A week ago Thursday, I was on Pineview. There wasn't a single other person fishing it from 7:15 AM until 2:45 PM. The edges at the Port Ramp were as solid as concrete and the ice was 18" thick. I iced 15 perch that day. Yesterday, I was on Mantua. Again, not a single other person fishing it other than me and a friend fishing with me. And, again, the edges were solid as concrete, and the ice was 14" think. We iced trout, perch, and gills (16 total fish).

I will be ice fishing again next week Tuesday & Thursday (weather permitting). My only concern this time of year is how the edges are holding up on the local waters. Some of lower elevation waters (Willard, Utah Lake, Deer Creek) are already ice free. Some of the higher elevation waters are already being filled and the edges are open water too wide to safely cross without planks or waders making machine access (SnowDog) a no-go. A few lakes that don't vary much in depth from draw done and re-filling (like Matua) will likely be good to ice fish until the end of March. Uinta lakes will be good to fish well into May if you have a snow machine to get you up to them.

I'll put away the ice gear in a couple more weeks and then get the boat ready for the soft deck season. I'm planning some early trips to Jordanelle for kokanee this year. And Willard should be starting to turn on in late April/early May.

I do think that folks quit too early on ice fishing here in Utah, but that's just me. Y'all have a great year fishing in 2021 and tight lines to ya wherever you walk on water or float your boat.


----------



## DallanC (Jan 13, 2009)

We went up just last week, it was great. Zero slush, ice around 16-17". Great fishing conditions. Handful of people fishing not far from where the road ended (we rode atvs 4 miles around to the north end, only ones there).

-DallanC


----------



## Catherder (Aug 2, 2008)

Welp, I was supposed to go tomorrow, but the weather conditions have changed that. (again)  My having a day off recently has singlehandedly reduced the drought from the previous dire situation. :roll: 

That said, I have been having so much fun fly fishing that I've at least amply scratched my fishing itch. 

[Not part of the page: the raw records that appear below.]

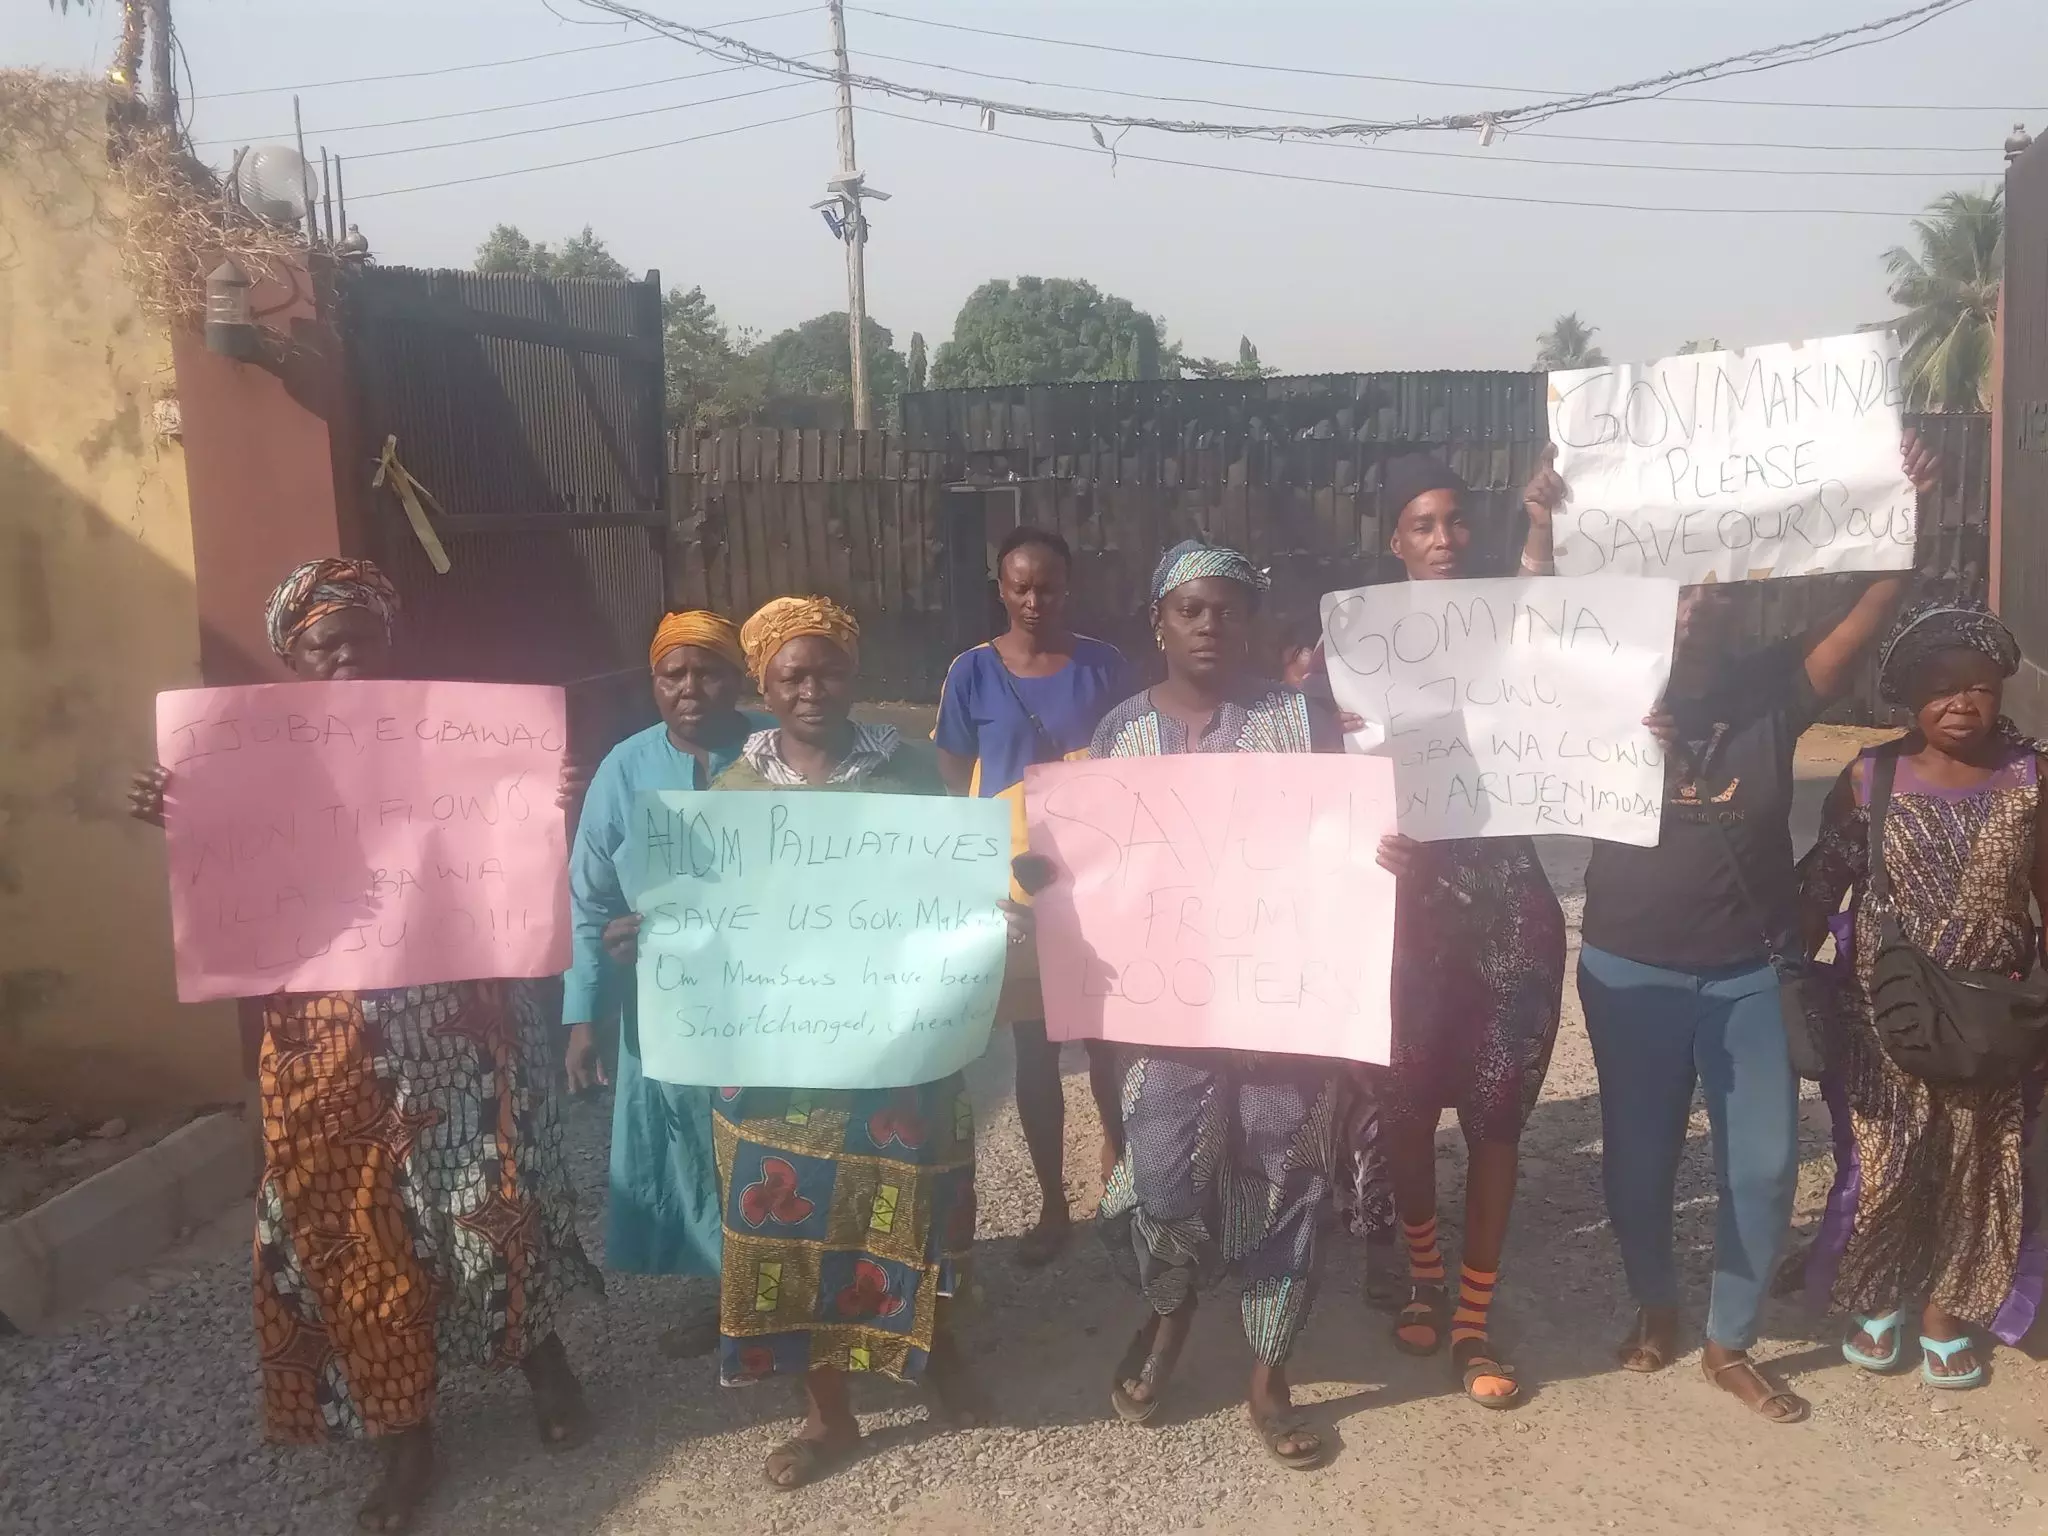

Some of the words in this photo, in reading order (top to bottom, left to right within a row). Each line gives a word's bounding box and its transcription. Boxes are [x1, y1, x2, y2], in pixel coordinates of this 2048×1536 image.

[1665, 440, 1819, 502] PLEASE
[1577, 507, 1712, 577] SAVE
[1716, 503, 1809, 549] OUR
[1327, 595, 1620, 677] GOMINA,
[376, 716, 404, 742] E
[1491, 730, 1543, 763] WA
[768, 804, 999, 869] PALLIATIVES
[651, 900, 760, 938] SAVE
[787, 903, 834, 932] US
[861, 957, 926, 986] have

One other addendum too. Depending on the weather, Strawberry and Fish Lake frequently have safe ice into the first or second week of April and spring fishing on the hard deck is often excellent. See you on the ice!


----------



## taxidermist (Sep 11, 2007)

The mixed spring/winter weather finds me out on the yard cleaning up the winter debris, and prepping for the spring. I'll give up 2-4 weeks of ice fishing to have the yard chores completed. I don't want to miss out on the first couple weeks of ice-off. Walley, Bass and Wiper are my go to in April anyway.


----------



## Finnegan (Sep 7, 2007)

I've been jinxed on the ice this year, so my enthusiasm for ice fishing is kinda shot. But I'm really excited for what's coming up because I'm going to have grandkids in my boat again!

For better or worse and despite our objections, our kids made the choice to isolate me and Grandma this past year. Well, vaccine just put an end to that nonsense. I'm so ready for screams and giggles, silly questions and tangled lines again that I don't even care about my jinx. I figure a dose of my grandkids' nonsense will chase it away, anyway.


----------



## dubob (Sep 8, 2007)

Finnegan said:


> I'm so ready for screams and giggles, silly questions and tangled lines again that I don't even care about my jinx. I figure a dose of my grandkids' nonsense will chase it away, anyway.


Amen Brother Finnegan; Amen! 🙂


----------



## dubob (Sep 8, 2007)

taxidermist said:


> I'll give up 2-4 weeks of ice fishing to have the yard chores completed.


Dude - your priorities way out of whack. Fishing should ALWAYS come first. Know what I mean Vern? 😁


----------



## dubob (Sep 8, 2007)

Catherder said:


> Depending on the weather, Strawberry and Fish Lake frequently have safe ice into the first or second week of April and spring fishing on the hard deck is often excellent.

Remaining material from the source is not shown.